In his classic defense of free market economics, The Road to Serfdom, F. A. Hayek explains why the expansion of government control over a complex society inevitably shifts power from representative democratic assemblies to boards or bodies of technocratic elites. Democratic assemblies are designed to operate, within limits, on the principle of majority rule. Yet majorities in large bodies can only be effectively forged on the basis of general principles or laws; they are impossible to maintain in the context of the management of a complicated society or economy.

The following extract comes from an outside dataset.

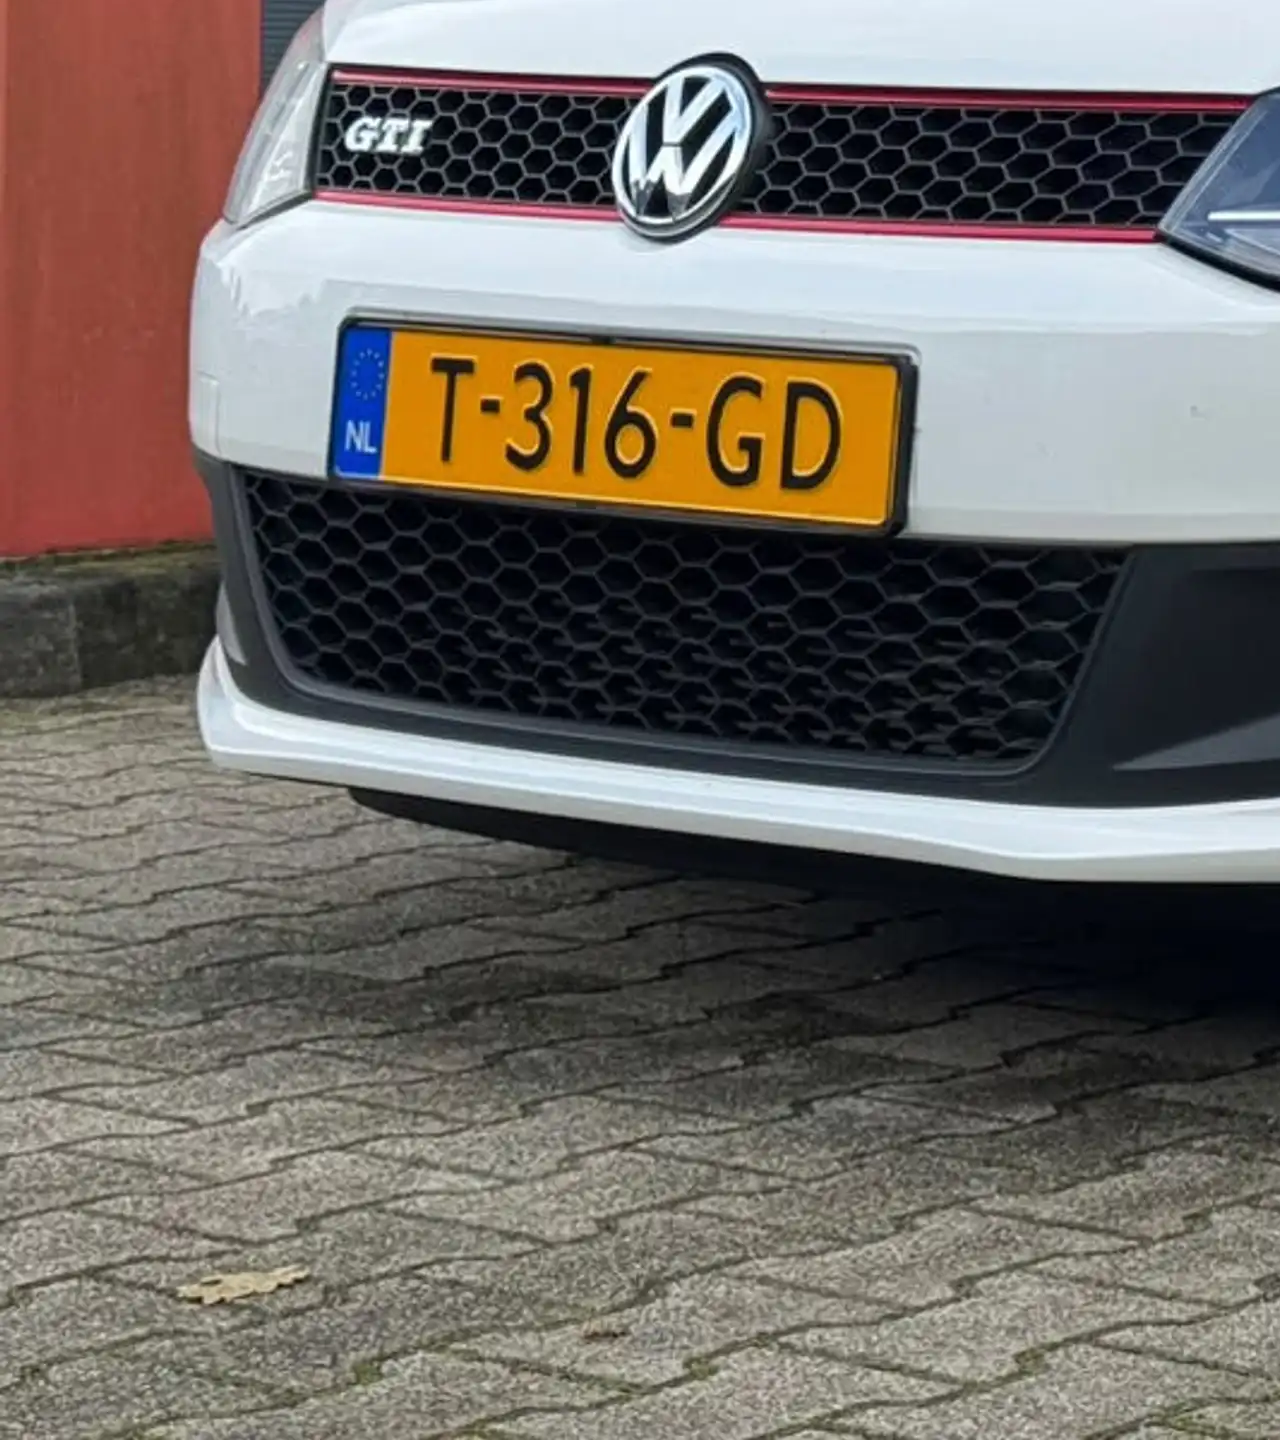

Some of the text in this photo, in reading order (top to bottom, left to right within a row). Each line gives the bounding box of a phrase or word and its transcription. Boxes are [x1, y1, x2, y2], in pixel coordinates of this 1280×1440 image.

Why? On any given issue requiring management there is an infinite variation of possible policies, each suiting the needs or interests of different parties. Inevitably a representative assembly does not divide merely into two general segments, each seeking to gain the majority against another, but into innumerable factions. The result, as Americans witness constantly in their own government, is gridlock. And the solution to gridlock is the assigning of the particulars of legislation to technocratic elites (i.e., lobbyists and lawyers) who design a policy that will be enforced by another body of technocratic elites (i.e., bureaucrats). As Hayek puts it,

The inability of democratic assemblies to carry out what seems to be a clear mandate of the people will inevitably cause dissatisfaction with democratic institutions… The conviction grows that if efficient planning is to be done, the direction must be ‘taken out of politics’ and placed in the hands of experts – permanent officials or independent autonomous bodies…. ‘It is common ground that the present parliamentary machine is quite unsuited to pass rapidly a great body of complicated legislation.’ (104).

Case in point: Obamacare. The average elected representative in Congress had very little influence over the particulars of the policy; most probably didn’t even know the details of what they were voting for or against. And yet the problem is not with President Obama and the Democratic Party. The same tendency is observable in Republican legislation like President Bush’s signature Medicare Prescription Drug legislation. Any piece of legislation seeking to expand federal control or management of something as complicated as health care or the economy requires the rule of experts.
One need not be a libertarian to accept Hayek’s basic insight on this point. And of course, it is by no means clear what Hayek’s alternative would look like in practice, particularly in a country committed to federalism like the United States. What is appropriate for a body of elected representatives at the local or state level is not necessarily the same as what is appropriate at the federal level.
But Hayek’s perspective is at least worth pondering. From his perspective the unpopularity of Congress today is less the result of the tendency of power to corrupt, or the irresistible need for the politician to do what will get her or him reelected, than it is the effect of the American people having given Congress a mandate it cannot possibly fulfill.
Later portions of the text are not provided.